• _EXERCISE DESCRIPTION_:
Transcribe every record beneath, precisely as written.
---
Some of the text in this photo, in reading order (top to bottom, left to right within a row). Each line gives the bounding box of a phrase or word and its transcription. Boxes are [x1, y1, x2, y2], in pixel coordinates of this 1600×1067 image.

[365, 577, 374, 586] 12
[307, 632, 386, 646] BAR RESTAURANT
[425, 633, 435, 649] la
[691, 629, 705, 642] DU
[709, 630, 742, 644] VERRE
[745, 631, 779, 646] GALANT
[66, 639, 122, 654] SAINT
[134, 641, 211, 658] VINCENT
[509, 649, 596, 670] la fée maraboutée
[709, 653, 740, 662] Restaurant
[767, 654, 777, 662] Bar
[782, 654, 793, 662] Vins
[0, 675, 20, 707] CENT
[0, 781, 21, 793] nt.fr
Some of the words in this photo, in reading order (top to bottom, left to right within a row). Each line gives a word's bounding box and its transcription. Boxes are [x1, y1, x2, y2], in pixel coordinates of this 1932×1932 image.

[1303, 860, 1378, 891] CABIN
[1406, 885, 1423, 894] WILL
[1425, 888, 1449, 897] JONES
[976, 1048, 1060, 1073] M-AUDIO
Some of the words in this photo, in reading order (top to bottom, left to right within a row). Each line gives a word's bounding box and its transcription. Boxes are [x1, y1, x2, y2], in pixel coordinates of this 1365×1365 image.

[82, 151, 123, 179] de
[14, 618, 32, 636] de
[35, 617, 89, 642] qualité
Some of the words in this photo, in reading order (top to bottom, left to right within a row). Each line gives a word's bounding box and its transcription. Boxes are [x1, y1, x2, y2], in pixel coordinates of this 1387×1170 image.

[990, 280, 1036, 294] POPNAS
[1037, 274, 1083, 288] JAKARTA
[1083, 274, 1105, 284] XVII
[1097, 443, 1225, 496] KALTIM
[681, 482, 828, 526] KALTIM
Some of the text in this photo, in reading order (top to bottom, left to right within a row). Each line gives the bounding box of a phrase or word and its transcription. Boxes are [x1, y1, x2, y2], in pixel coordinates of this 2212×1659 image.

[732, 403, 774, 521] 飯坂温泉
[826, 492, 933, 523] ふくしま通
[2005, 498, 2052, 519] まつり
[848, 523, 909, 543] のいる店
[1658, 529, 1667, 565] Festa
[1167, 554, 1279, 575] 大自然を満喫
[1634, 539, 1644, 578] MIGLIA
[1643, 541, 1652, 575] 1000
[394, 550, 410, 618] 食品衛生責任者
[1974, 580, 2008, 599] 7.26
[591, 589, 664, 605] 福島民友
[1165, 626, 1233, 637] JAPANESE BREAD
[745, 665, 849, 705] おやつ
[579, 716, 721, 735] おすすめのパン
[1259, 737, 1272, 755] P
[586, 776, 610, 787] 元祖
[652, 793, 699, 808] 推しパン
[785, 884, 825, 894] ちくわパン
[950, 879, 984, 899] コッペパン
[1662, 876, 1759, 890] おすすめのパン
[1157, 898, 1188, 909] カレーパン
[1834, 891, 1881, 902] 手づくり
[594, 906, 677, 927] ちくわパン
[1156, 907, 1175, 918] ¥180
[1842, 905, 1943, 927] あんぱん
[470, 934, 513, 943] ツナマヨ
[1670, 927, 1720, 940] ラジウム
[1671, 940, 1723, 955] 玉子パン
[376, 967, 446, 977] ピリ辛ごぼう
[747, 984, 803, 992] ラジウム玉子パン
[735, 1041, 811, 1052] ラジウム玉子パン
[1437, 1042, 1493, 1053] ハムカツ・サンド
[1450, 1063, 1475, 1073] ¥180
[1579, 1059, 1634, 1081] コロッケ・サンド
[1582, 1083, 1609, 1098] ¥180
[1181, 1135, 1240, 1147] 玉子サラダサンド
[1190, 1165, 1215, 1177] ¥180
---
• _EXPECTED ANSWER_:
Some of the text in this photo, in reading order (top to bottom, left to right within a row). Each line gives the bounding box of a phrase or word and its transcription. Boxes are [x1, y1, x2, y2], in pixel coordinates of this 1600×1067 image.

[365, 577, 374, 586] 12
[307, 632, 386, 646] BAR RESTAURANT
[425, 633, 435, 649] la
[691, 629, 705, 642] DU
[709, 630, 742, 644] VERRE
[745, 631, 779, 646] GALANT
[66, 639, 122, 654] SAINT
[134, 641, 211, 658] VINCENT
[509, 649, 596, 670] la fée maraboutée
[709, 653, 740, 662] Restaurant
[767, 654, 777, 662] Bar
[782, 654, 793, 662] Vins
[0, 675, 20, 707] CENT
[0, 781, 21, 793] nt.fr
Some of the words in this photo, in reading order (top to bottom, left to right within a row). Each line gives a word's bounding box and its transcription. Boxes are [x1, y1, x2, y2], in pixel coordinates of this 1932×1932 image.

[1303, 860, 1378, 891] CABIN
[1406, 885, 1423, 894] WILL
[1425, 888, 1449, 897] JONES
[976, 1048, 1060, 1073] M-AUDIO
Some of the words in this photo, in reading order (top to bottom, left to right within a row). Each line gives a word's bounding box and its transcription. Boxes are [x1, y1, x2, y2], in pixel coordinates of this 1365×1365 image.

[82, 151, 123, 179] de
[14, 618, 32, 636] de
[35, 617, 89, 642] qualité
Some of the words in this photo, in reading order (top to bottom, left to right within a row). Each line gives a word's bounding box and its transcription. Boxes are [x1, y1, x2, y2], in pixel coordinates of this 1387×1170 image.

[990, 280, 1036, 294] POPNAS
[1037, 274, 1083, 288] JAKARTA
[1083, 274, 1105, 284] XVII
[1097, 443, 1225, 496] KALTIM
[681, 482, 828, 526] KALTIM
Some of the text in this photo, in reading order (top to bottom, left to right within a row). Each line gives the bounding box of a phrase or word and its transcription. Boxes are [x1, y1, x2, y2], in pixel coordinates of this 2212×1659 image.

[732, 403, 774, 521] 飯坂温泉
[826, 492, 933, 523] ふくしま通
[2005, 498, 2052, 519] まつり
[848, 523, 909, 543] のいる店
[1658, 529, 1667, 565] Festa
[1167, 554, 1279, 575] 大自然を満喫
[1634, 539, 1644, 578] MIGLIA
[1643, 541, 1652, 575] 1000
[394, 550, 410, 618] 食品衛生責任者
[1974, 580, 2008, 599] 7.26
[591, 589, 664, 605] 福島民友
[1165, 626, 1233, 637] JAPANESE BREAD
[745, 665, 849, 705] おやつ
[579, 716, 721, 735] おすすめのパン
[1259, 737, 1272, 755] P
[586, 776, 610, 787] 元祖
[652, 793, 699, 808] 推しパン
[785, 884, 825, 894] ちくわパン
[950, 879, 984, 899] コッペパン
[1662, 876, 1759, 890] おすすめのパン
[1157, 898, 1188, 909] カレーパン
[1834, 891, 1881, 902] 手づくり
[594, 906, 677, 927] ちくわパン
[1156, 907, 1175, 918] ¥180
[1842, 905, 1943, 927] あんぱん
[470, 934, 513, 943] ツナマヨ
[1670, 927, 1720, 940] ラジウム
[1671, 940, 1723, 955] 玉子パン
[376, 967, 446, 977] ピリ辛ごぼう
[747, 984, 803, 992] ラジウム玉子パン
[735, 1041, 811, 1052] ラジウム玉子パン
[1437, 1042, 1493, 1053] ハムカツ・サンド
[1450, 1063, 1475, 1073] ¥180
[1579, 1059, 1634, 1081] コロッケ・サンド
[1582, 1083, 1609, 1098] ¥180
[1181, 1135, 1240, 1147] 玉子サラダサンド
[1190, 1165, 1215, 1177] ¥180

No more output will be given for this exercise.